▶ Activity: Only these lines should appear, exactly: the one containing "this 1344×1512 image." and every line after it through the end of the material below.
########################################
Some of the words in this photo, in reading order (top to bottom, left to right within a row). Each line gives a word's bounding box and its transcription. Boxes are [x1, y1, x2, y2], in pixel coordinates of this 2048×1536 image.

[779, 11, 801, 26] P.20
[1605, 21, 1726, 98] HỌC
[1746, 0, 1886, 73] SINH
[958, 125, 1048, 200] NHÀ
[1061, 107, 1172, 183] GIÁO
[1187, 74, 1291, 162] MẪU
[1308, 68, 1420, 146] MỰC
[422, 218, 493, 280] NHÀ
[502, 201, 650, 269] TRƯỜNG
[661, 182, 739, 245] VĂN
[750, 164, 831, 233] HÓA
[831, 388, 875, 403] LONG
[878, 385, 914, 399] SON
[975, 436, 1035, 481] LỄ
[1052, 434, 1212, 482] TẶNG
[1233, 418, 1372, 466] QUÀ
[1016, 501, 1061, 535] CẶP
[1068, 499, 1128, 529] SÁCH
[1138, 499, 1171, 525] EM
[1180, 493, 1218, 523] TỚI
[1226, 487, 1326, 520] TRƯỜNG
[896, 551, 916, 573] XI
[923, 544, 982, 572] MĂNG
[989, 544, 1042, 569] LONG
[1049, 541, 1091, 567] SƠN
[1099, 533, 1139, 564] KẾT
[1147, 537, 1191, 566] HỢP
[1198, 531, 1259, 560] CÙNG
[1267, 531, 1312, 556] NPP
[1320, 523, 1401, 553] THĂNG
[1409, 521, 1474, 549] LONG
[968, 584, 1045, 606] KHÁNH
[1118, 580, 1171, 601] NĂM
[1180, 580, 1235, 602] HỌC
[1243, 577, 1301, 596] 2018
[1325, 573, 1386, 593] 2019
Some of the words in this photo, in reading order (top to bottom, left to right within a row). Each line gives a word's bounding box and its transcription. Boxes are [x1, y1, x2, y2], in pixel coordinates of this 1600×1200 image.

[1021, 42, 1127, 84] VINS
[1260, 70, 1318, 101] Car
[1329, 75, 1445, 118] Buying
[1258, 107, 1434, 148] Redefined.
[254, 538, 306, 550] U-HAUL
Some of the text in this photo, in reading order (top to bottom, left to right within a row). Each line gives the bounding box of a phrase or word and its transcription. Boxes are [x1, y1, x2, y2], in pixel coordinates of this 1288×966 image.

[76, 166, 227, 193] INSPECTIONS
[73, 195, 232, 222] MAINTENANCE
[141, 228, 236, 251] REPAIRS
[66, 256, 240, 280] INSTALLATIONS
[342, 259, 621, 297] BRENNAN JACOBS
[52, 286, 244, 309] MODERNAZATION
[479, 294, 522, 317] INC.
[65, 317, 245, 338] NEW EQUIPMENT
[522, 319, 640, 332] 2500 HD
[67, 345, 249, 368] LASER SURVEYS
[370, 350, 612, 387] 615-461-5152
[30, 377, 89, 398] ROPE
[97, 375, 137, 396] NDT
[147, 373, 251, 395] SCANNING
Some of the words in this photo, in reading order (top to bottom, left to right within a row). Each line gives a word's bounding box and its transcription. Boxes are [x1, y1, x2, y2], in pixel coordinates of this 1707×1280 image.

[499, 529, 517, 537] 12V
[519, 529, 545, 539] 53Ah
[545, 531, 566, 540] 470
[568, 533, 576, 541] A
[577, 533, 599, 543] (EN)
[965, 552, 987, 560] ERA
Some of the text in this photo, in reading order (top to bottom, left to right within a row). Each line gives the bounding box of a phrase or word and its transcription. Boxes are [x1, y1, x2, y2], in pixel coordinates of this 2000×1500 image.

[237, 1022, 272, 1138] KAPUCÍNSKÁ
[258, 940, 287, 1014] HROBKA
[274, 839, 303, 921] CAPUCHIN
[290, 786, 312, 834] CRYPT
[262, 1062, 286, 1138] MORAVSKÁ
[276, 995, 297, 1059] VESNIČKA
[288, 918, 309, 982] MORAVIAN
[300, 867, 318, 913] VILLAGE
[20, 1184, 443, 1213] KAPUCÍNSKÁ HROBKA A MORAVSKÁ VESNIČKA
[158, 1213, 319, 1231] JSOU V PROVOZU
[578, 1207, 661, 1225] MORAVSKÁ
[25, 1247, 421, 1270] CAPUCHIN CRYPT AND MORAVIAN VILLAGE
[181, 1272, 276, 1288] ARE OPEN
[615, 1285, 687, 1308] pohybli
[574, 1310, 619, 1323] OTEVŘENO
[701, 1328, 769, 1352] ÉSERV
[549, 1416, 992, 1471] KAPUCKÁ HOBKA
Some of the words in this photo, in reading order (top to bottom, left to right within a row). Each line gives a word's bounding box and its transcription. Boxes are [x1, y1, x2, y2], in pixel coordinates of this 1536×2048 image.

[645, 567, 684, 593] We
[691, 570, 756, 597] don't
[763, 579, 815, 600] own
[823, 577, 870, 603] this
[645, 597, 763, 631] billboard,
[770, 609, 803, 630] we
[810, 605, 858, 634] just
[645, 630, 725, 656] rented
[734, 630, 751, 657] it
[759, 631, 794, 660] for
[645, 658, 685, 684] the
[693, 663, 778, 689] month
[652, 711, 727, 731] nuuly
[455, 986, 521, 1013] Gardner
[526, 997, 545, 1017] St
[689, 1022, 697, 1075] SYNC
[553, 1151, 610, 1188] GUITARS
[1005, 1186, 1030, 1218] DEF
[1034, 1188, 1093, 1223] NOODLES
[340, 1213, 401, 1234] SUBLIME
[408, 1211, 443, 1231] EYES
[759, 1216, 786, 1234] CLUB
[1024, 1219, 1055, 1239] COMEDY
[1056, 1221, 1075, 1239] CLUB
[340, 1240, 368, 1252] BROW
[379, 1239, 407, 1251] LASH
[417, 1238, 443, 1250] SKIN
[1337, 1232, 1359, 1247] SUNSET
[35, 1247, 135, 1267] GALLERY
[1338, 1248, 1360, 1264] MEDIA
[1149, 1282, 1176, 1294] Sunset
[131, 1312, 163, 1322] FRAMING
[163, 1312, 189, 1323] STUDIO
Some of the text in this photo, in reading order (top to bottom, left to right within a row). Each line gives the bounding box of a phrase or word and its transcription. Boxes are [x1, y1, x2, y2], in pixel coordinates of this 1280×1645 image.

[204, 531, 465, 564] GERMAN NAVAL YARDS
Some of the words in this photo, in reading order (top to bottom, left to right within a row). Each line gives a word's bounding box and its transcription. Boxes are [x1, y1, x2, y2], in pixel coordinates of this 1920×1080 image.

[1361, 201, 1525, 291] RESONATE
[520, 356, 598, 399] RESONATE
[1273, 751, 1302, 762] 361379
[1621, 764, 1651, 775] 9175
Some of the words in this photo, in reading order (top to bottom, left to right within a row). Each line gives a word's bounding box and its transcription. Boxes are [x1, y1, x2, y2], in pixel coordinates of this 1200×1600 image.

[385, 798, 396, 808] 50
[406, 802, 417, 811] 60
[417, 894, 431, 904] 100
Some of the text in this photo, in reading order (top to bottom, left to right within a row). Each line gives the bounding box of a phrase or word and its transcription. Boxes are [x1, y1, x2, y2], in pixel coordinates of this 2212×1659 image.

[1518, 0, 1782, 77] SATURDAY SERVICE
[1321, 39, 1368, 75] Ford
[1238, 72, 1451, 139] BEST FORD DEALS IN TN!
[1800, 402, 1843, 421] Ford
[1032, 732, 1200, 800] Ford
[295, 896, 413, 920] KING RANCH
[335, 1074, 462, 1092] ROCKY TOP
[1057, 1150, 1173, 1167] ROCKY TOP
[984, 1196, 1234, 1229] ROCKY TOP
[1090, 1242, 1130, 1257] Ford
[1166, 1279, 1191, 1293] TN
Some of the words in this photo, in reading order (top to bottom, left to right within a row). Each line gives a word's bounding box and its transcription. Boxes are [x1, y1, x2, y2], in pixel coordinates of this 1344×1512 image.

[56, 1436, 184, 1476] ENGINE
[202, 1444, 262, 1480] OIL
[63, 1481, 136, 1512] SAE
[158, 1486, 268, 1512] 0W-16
########################################
▶ Reply to the task:
Some of the words in this photo, in reading order (top to bottom, left to right within a row). Each line gives a word's bounding box and its transcription. Boxes are [x1, y1, x2, y2], in pixel coordinates of this 1344×1512 image.

[56, 1436, 184, 1476] ENGINE
[202, 1444, 262, 1480] OIL
[63, 1481, 136, 1512] SAE
[158, 1486, 268, 1512] 0W-16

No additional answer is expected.